Hasn't even scratched the surface of long wheelbase, tadpole trikes, delta trikes and the rest

Bad news is that each has its pros and cons and there is no ideal

I run a Challenge Hurricane, Street Machine, Catrike Expedition, Gekko and a Kettwiesel, yet there are still gaps in the stable


----------



## Sailorsi (12 Sep 2015)

Tigerbiten said:


> If you want to try out a range of recumbent bikes, try contacting Kevin at D-Tek. Link -> http://www.littlethetford.org/?page_id=529
> He's based out of Little Thetford near Ely and I gather he has the biggest range of second hand bikes to try of anyone in this country.



Thanks for the advice, not heard of little Thetford, deffinately worth a look.


----------



## Sailorsi (12 Sep 2015)

Cunobelin said:


> A mere amateur
> 
> Hasn't even scratched the surface of long wheelbase, tadpole trikes, delta trikes and the rest
> 
> ...



I think I was too hopful in looking for a one bike do it all.
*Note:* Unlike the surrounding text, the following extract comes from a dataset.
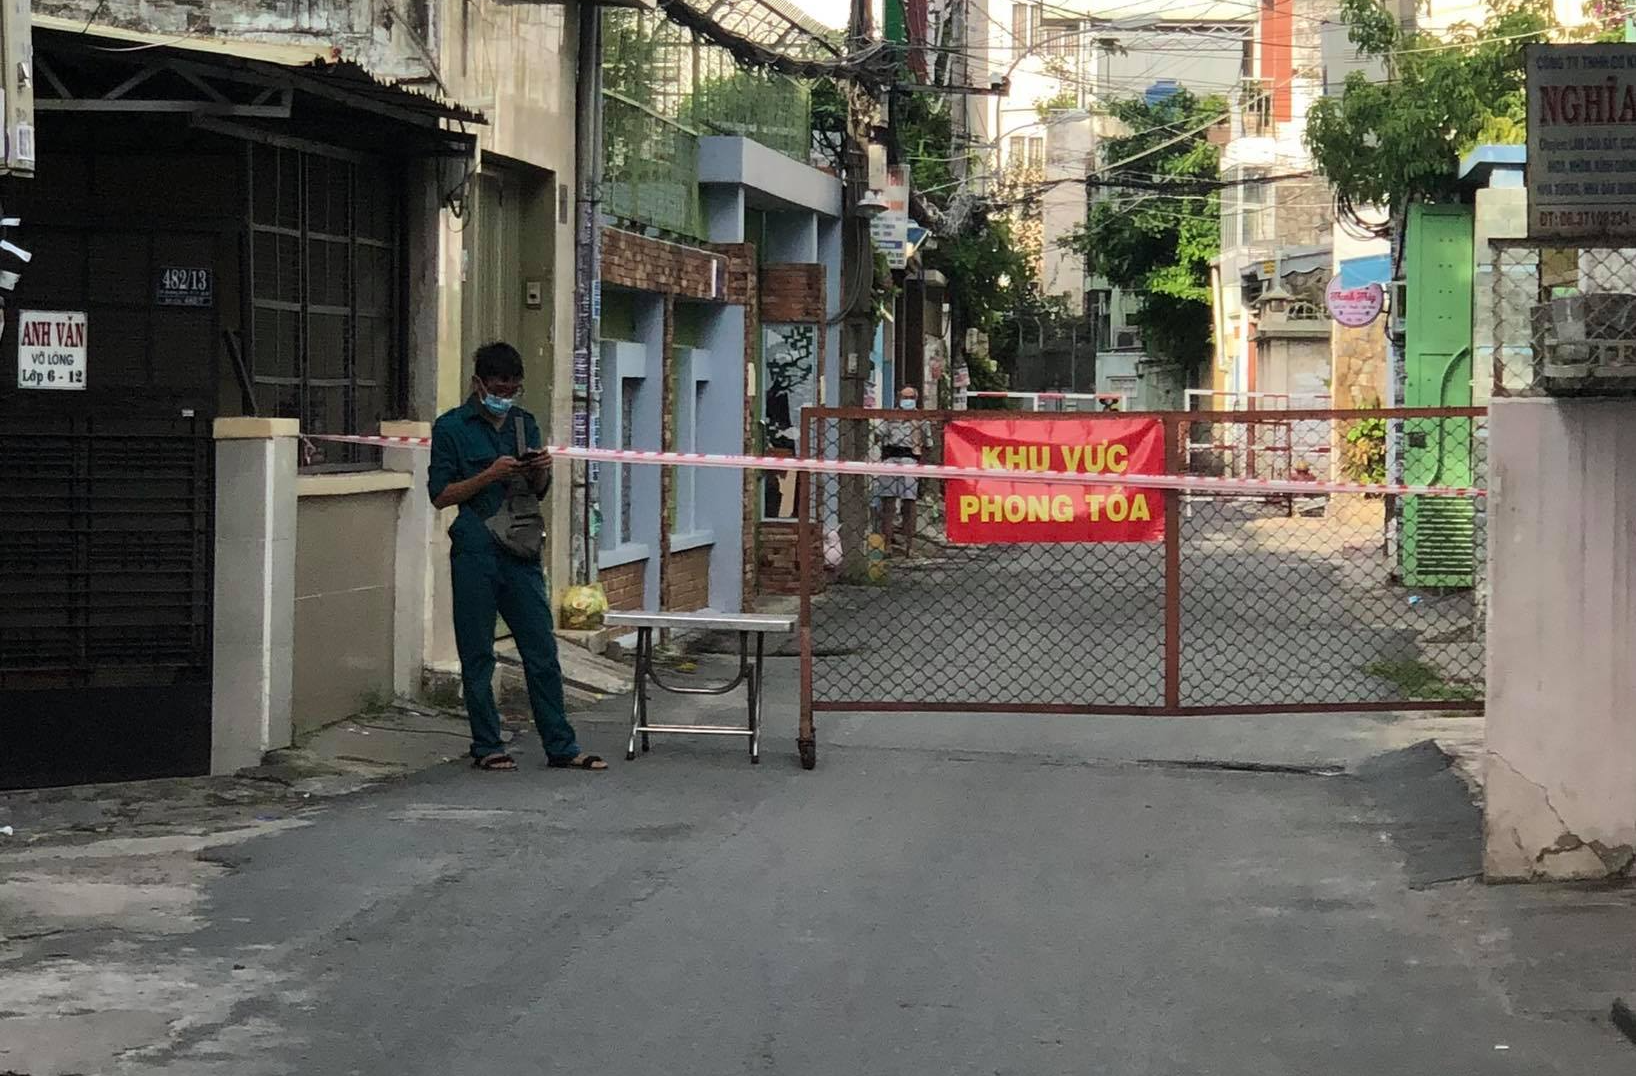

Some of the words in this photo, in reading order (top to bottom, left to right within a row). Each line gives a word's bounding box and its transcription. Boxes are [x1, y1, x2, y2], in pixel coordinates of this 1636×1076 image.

Just dont want to rush into the 1st one without trying lots out. I think the Encore is at the top of my lust so far, also liked the Gaucho


----------



## ufkacbln (12 Sep 2015)

You haven't tried stable and fast until you have ridden a Catrike 700 or ICE Vortex


----------



## Sailorsi (13 Sep 2015)

Cunobelin said:


> You haven't tried stable and fast until you have ridden a Catrike 700 or ICE Vortex




I will have to stop you in town one day and pester you for a look at your trikes! I do spot you on occasions heading past the creek. Hadn't really considered a trike, I think I would fall asleep they look so comfortable!


----------



## ufkacbln (13 Sep 2015)

Sailorsi said:


> I will have to stop you in town one day and pester you for a look at your trikes! I do spot you on occasions heading past the creek. Hadn't really considered a trike, I think I would fall asleep they look so comfortable!



Please do!


----------



## ufkacbln (13 Sep 2015)

Tomorrow I will be mostly riding....

The Gekko


----------



## arallsopp (15 Sep 2015)

andytheflyer said:


> My suspicion is that to get high average speeds you need 26" or 700c wheels with 25c tyres (or similar) and no suspension



I'm not sure I agree, to be honest. My issue on longer rides has been that fast 'on-the-track' does not always convert to fast 'on-the-road'. For out and out speed, yes, a 700c rigid frame and/or low racer is the way to go*, but I'm finding prolonged on the road speed is a combination of confidence, comfort, vision, stability and predictability.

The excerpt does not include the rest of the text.